= Aim of the exercise =
Down to the last line, print the data that follows exactly, without its pictures.

= Free-text object descriptions =
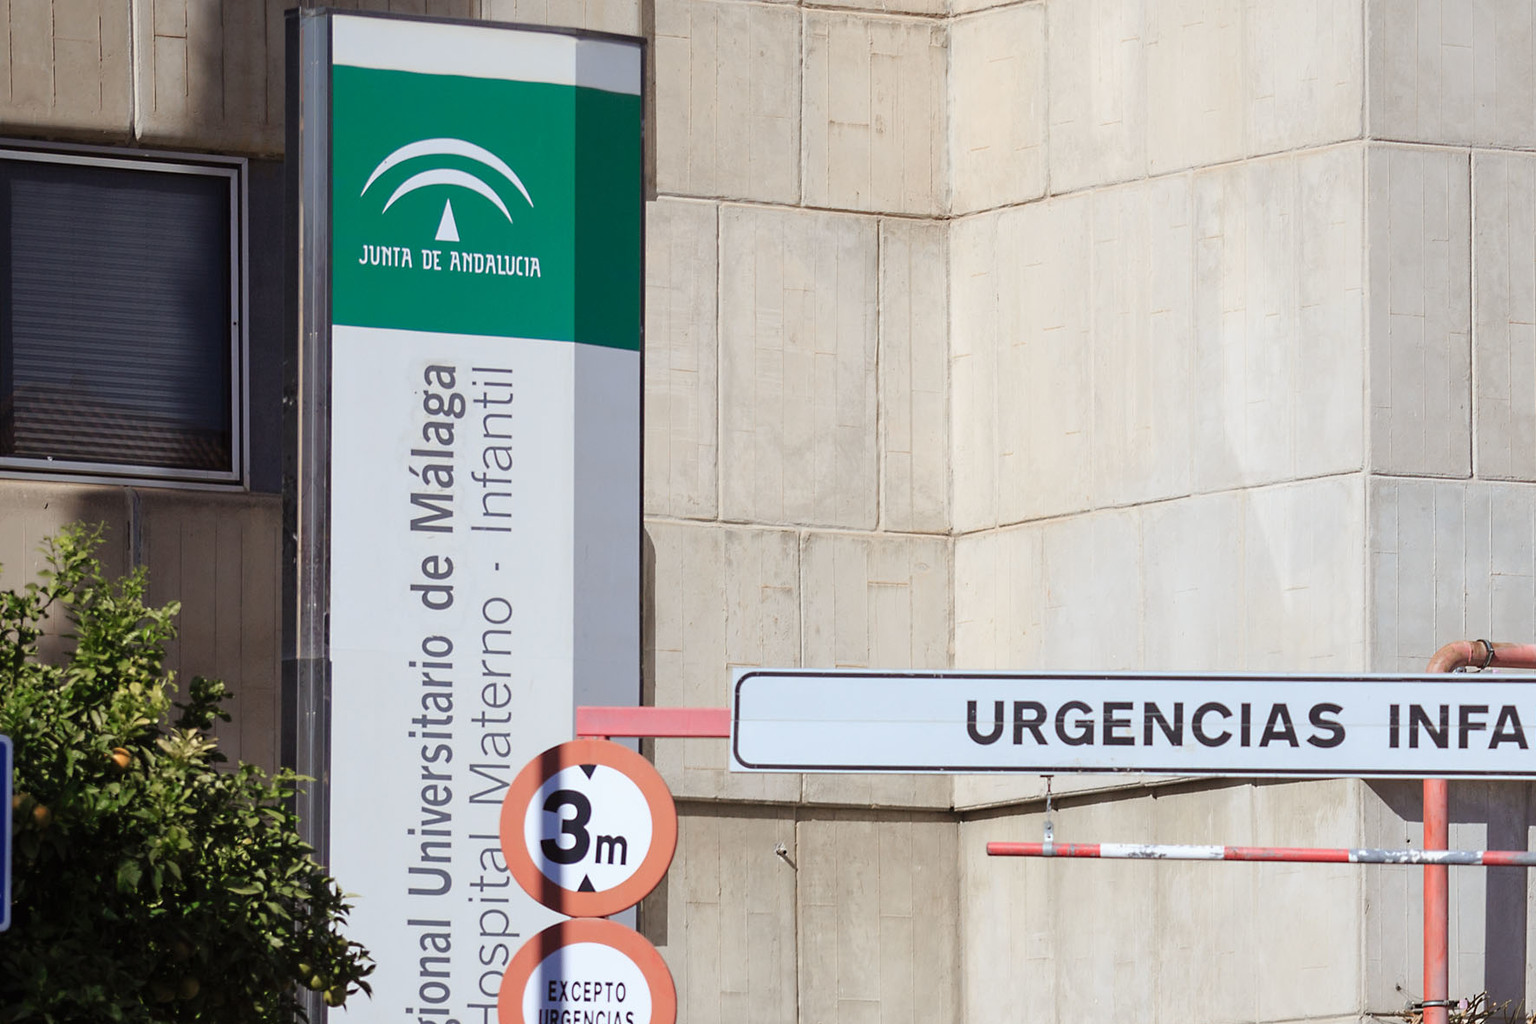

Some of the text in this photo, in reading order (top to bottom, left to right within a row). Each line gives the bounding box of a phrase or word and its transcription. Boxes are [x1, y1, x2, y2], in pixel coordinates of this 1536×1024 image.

[358, 244, 541, 278] JUNTA DE ANDALUCIA
[408, 364, 466, 533] Málaga
[471, 367, 514, 532] Infantil
[410, 555, 454, 611] de
[469, 597, 513, 804] Materno
[965, 698, 1347, 749] URGENCIAS
[407, 635, 454, 897] Universitario
[547, 979, 627, 1004] EXCEPTO
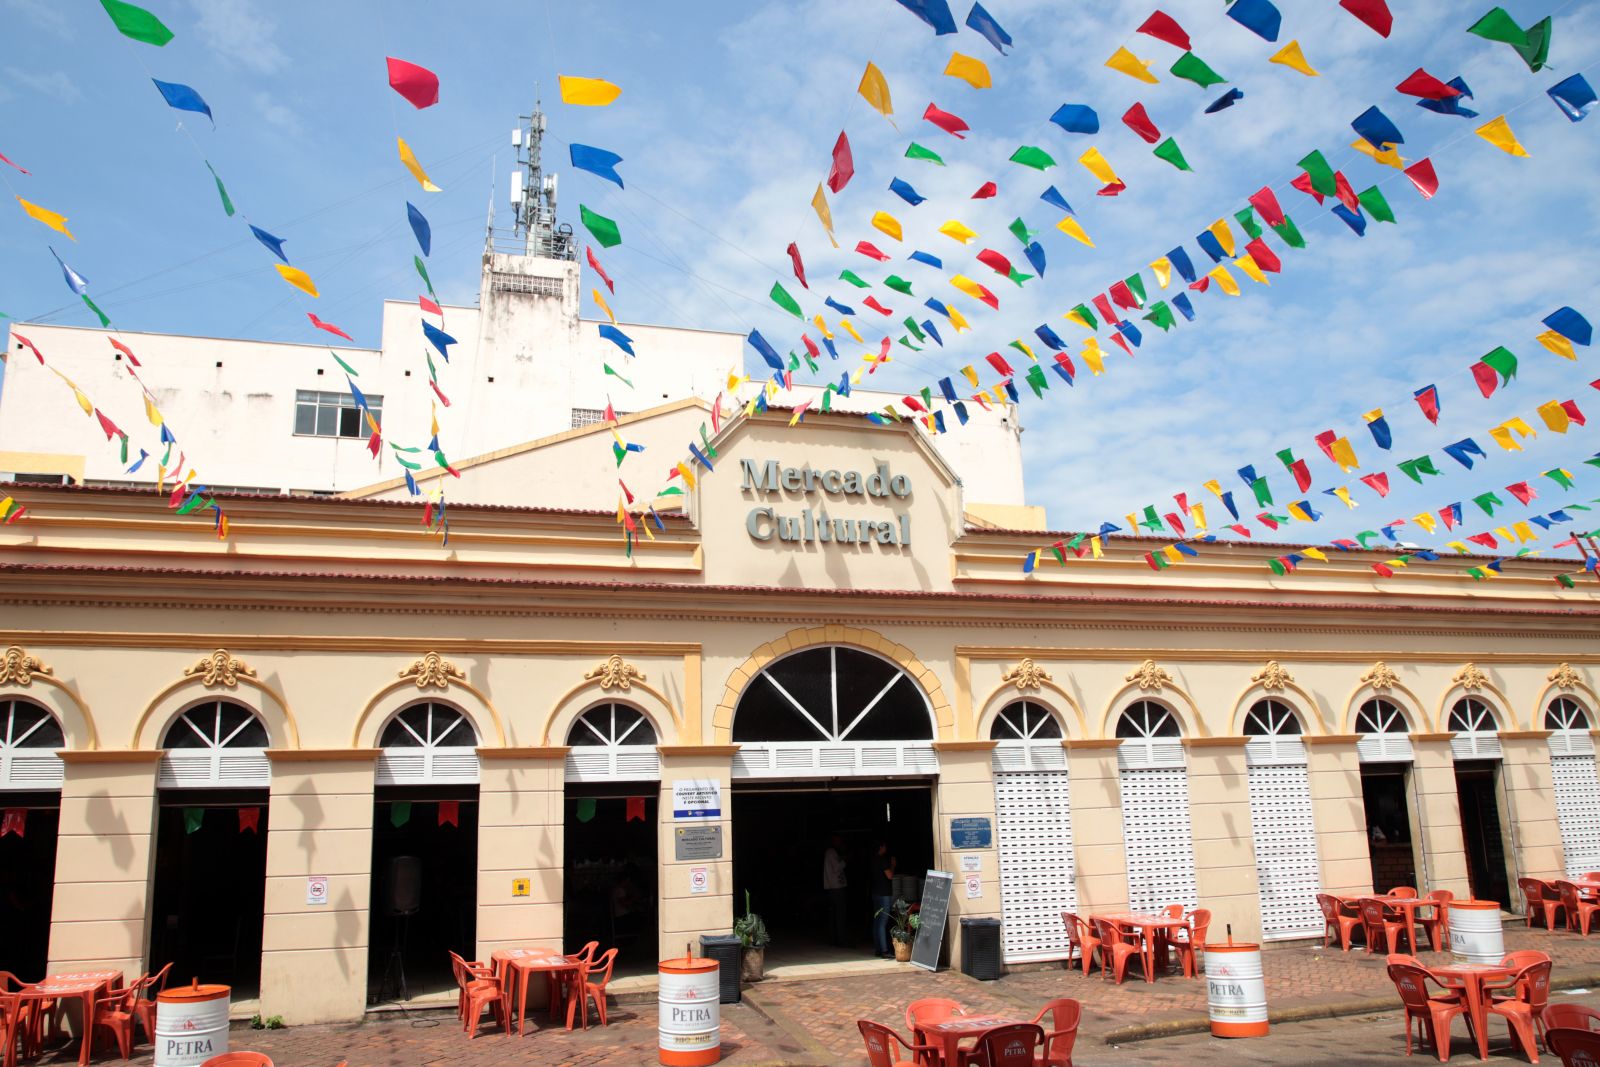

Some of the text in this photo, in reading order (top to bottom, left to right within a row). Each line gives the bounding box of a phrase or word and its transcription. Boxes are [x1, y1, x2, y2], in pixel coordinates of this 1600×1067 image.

[740, 458, 912, 498] Mercado
[746, 506, 911, 545] Cultural
[1209, 981, 1244, 996] PETRA
[1400, 982, 1417, 992] PETRA
[672, 1007, 711, 1022] PETRA
[167, 1039, 213, 1056] PETRA
[1004, 1047, 1026, 1057] PETRA
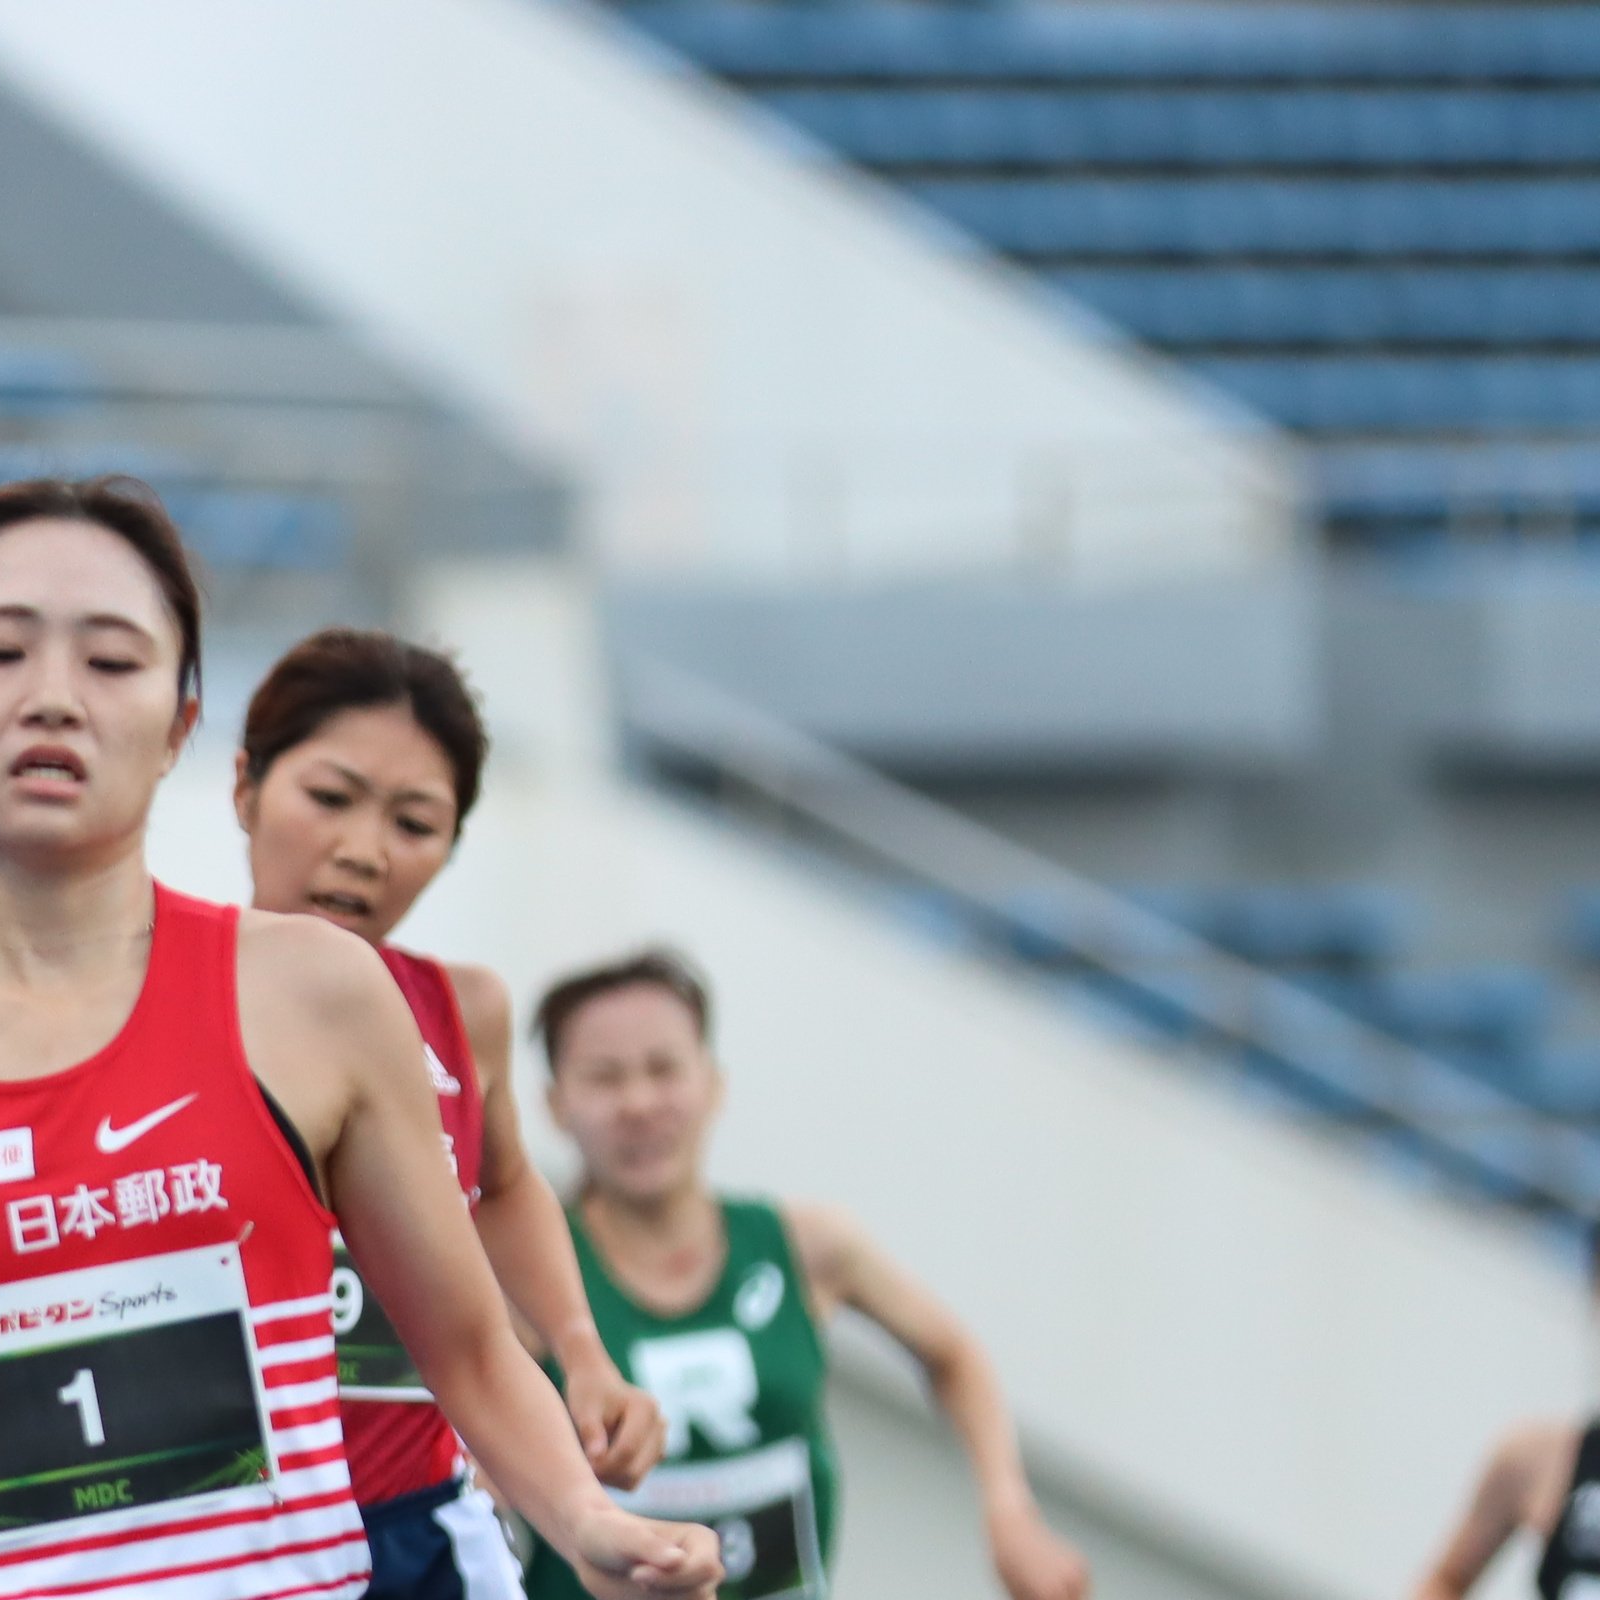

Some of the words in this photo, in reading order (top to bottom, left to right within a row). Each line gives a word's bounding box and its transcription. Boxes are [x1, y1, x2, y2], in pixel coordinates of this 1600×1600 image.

[5, 1159, 229, 1255] 日本郵政
[99, 1281, 179, 1320] Sports
[58, 1369, 105, 1446] 1
[630, 1328, 760, 1456] R
[72, 1479, 134, 1511] MDC

= Reply =
Some of the text in this photo, in reading order (top to bottom, left to right within a row). Each line gives the bounding box of a phrase or word and its transcription. Boxes are [x1, y1, x2, y2], in pixel coordinates of this 1536×1024 image.

[358, 244, 541, 278] JUNTA DE ANDALUCIA
[408, 364, 466, 533] Málaga
[471, 367, 514, 532] Infantil
[410, 555, 454, 611] de
[469, 597, 513, 804] Materno
[965, 698, 1347, 749] URGENCIAS
[407, 635, 454, 897] Universitario
[547, 979, 627, 1004] EXCEPTO

Some of the text in this photo, in reading order (top to bottom, left to right within a row). Each line gives the bounding box of a phrase or word and its transcription. Boxes are [x1, y1, x2, y2], in pixel coordinates of this 1600×1067 image.

[740, 458, 912, 498] Mercado
[746, 506, 911, 545] Cultural
[1209, 981, 1244, 996] PETRA
[1400, 982, 1417, 992] PETRA
[672, 1007, 711, 1022] PETRA
[167, 1039, 213, 1056] PETRA
[1004, 1047, 1026, 1057] PETRA

Some of the words in this photo, in reading order (top to bottom, left to right within a row). Each line gives a word's bounding box and its transcription. Boxes are [x1, y1, x2, y2], in pixel coordinates of this 1600×1600 image.

[5, 1159, 229, 1255] 日本郵政
[99, 1281, 179, 1320] Sports
[58, 1369, 105, 1446] 1
[630, 1328, 760, 1456] R
[72, 1479, 134, 1511] MDC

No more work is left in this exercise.